Cyber, Tech E&O, D&O, crime, property…someone somewhere was having a conversation about the various cyber-related exposures companies face, where coverage exists and for how much. If you weren’t involved in a conversation, you could overhear one.

John Doyle, CEO of Global Commercial Insurance for AIG, said as much during a panel of senior executives. He said in”every single meeting with a client” cyber was a prominent topic.

Executives are definitely worried. About their companies’ balance sheets and their own backsides. If executives aren’t asking the questions directly, they are more prone to listening to risk managers and/or CISOs.

Pat Gallagher, CEO of Arthur J. Gallagher, said that if enterprises do not rank cyber at the “absolute top of a list of things they are working on and thinking about every single day,” they better make a new list. If not, they could wind up like one client who has the “NSA living in his office” following an event.
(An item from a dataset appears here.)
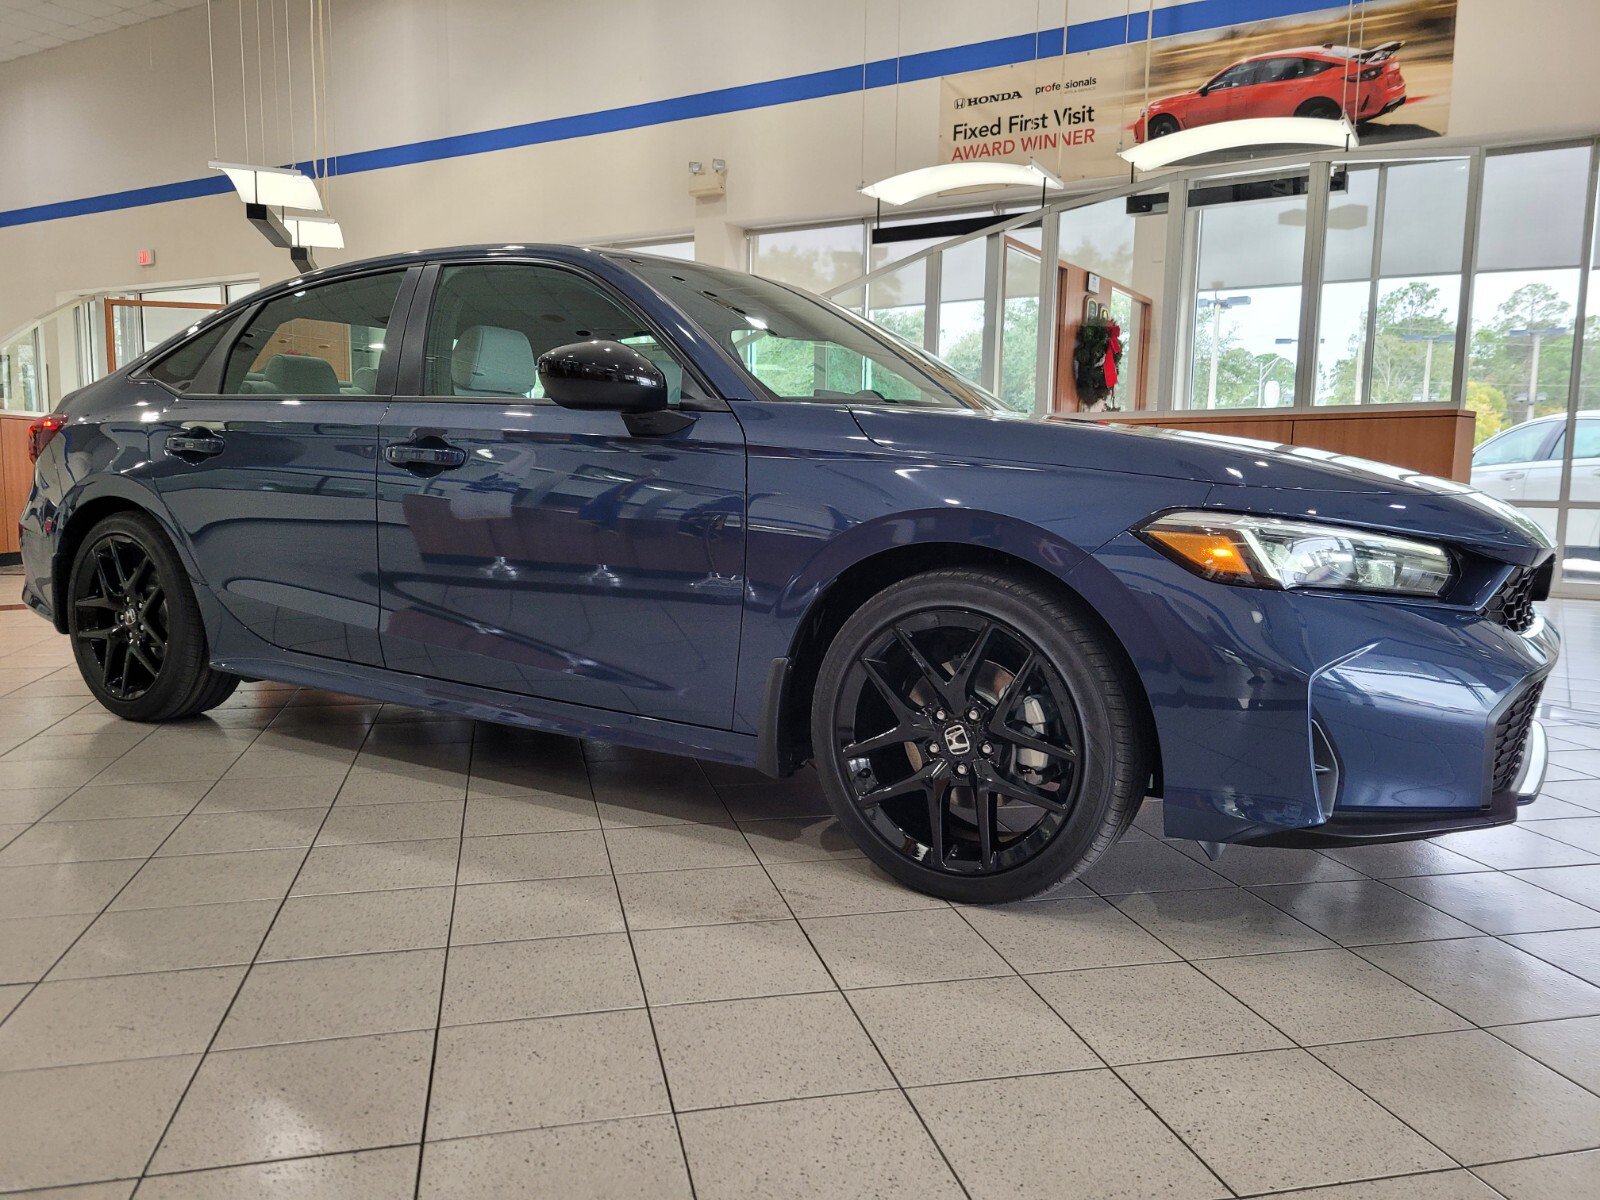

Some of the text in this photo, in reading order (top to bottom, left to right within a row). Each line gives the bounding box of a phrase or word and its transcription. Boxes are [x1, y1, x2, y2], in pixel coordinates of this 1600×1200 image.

[967, 90, 1023, 106] HONDA
[1035, 77, 1097, 95] profesionals
[953, 105, 1095, 141] Fixed First Visit
[951, 128, 1096, 162] AWARD WINNER
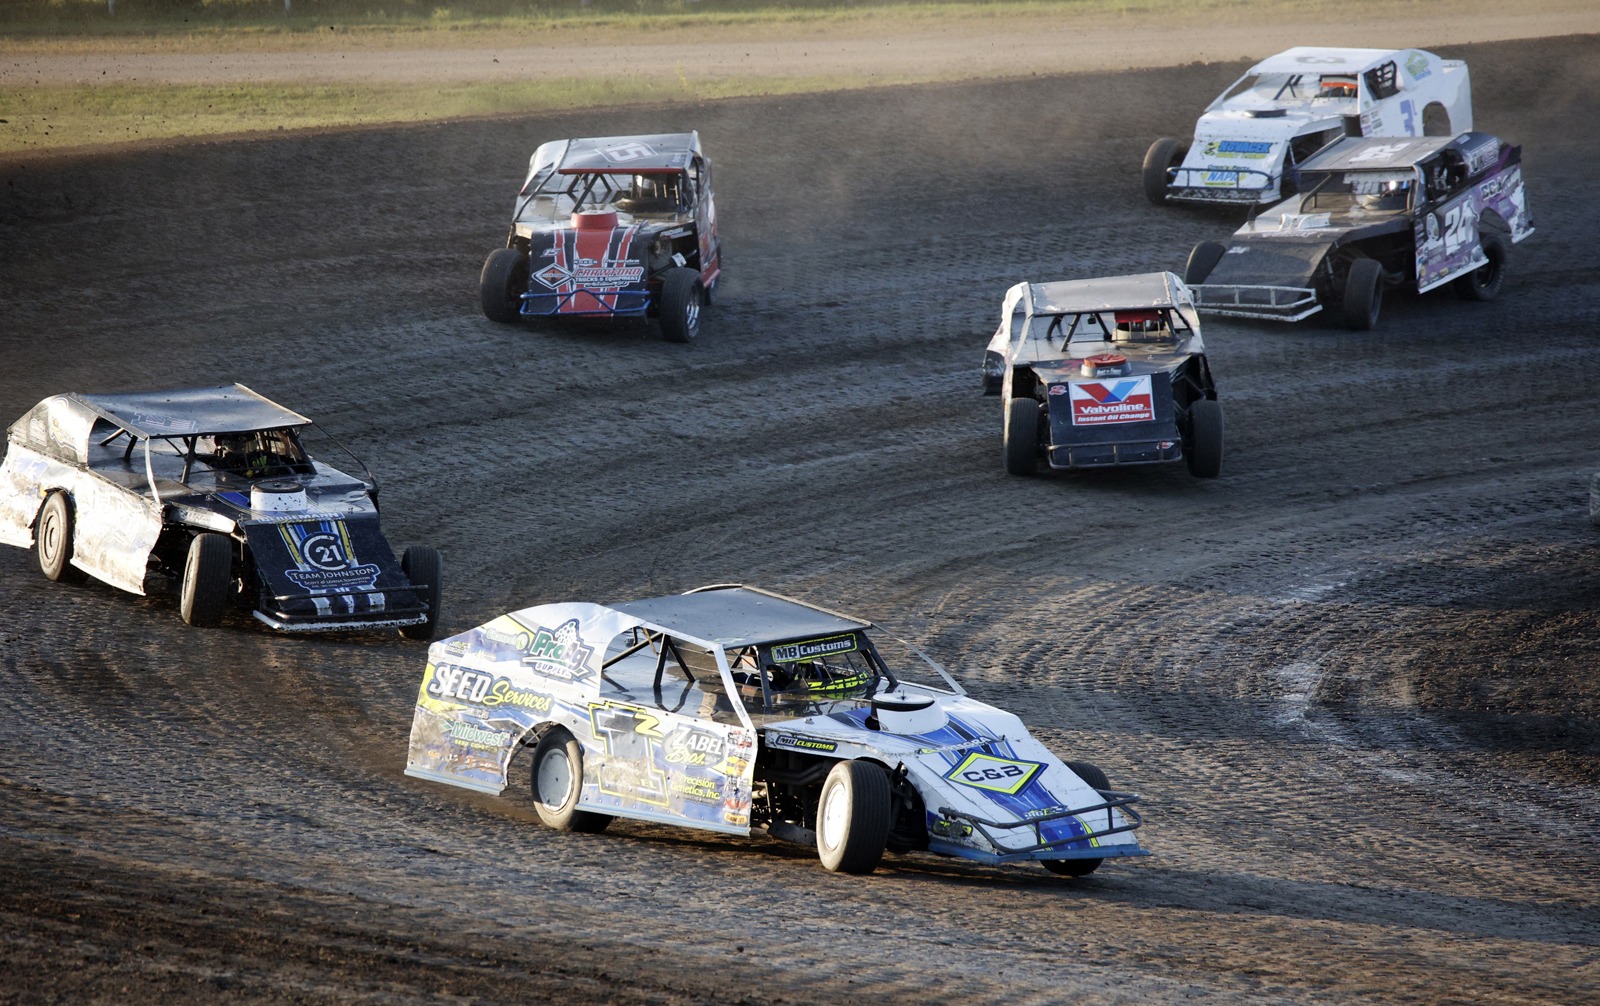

It seems businesses are certainly aware of the risk, but are not aware of where their cyber exposures can surface. But they are asking for help from the insurance industry, which is acting in a much greater role than simply a place to transfer risk. Many have partnered with firms to mitigate loss on the front and back side of cyber risk.

Insurers’ approach to cyber is “as much about risk management as insurance,” said Dominic Casserley, CEO of Willis Group.

Demand is increasing, purchases are accelerating, pricing the risk is a bit less of a guessing game thanks to loss history but this is a moving target due to nature of the risk, which is far from stagnant. The industry is learning too, after all.

“No one really knows where it’s going,” said Casserley of cyber.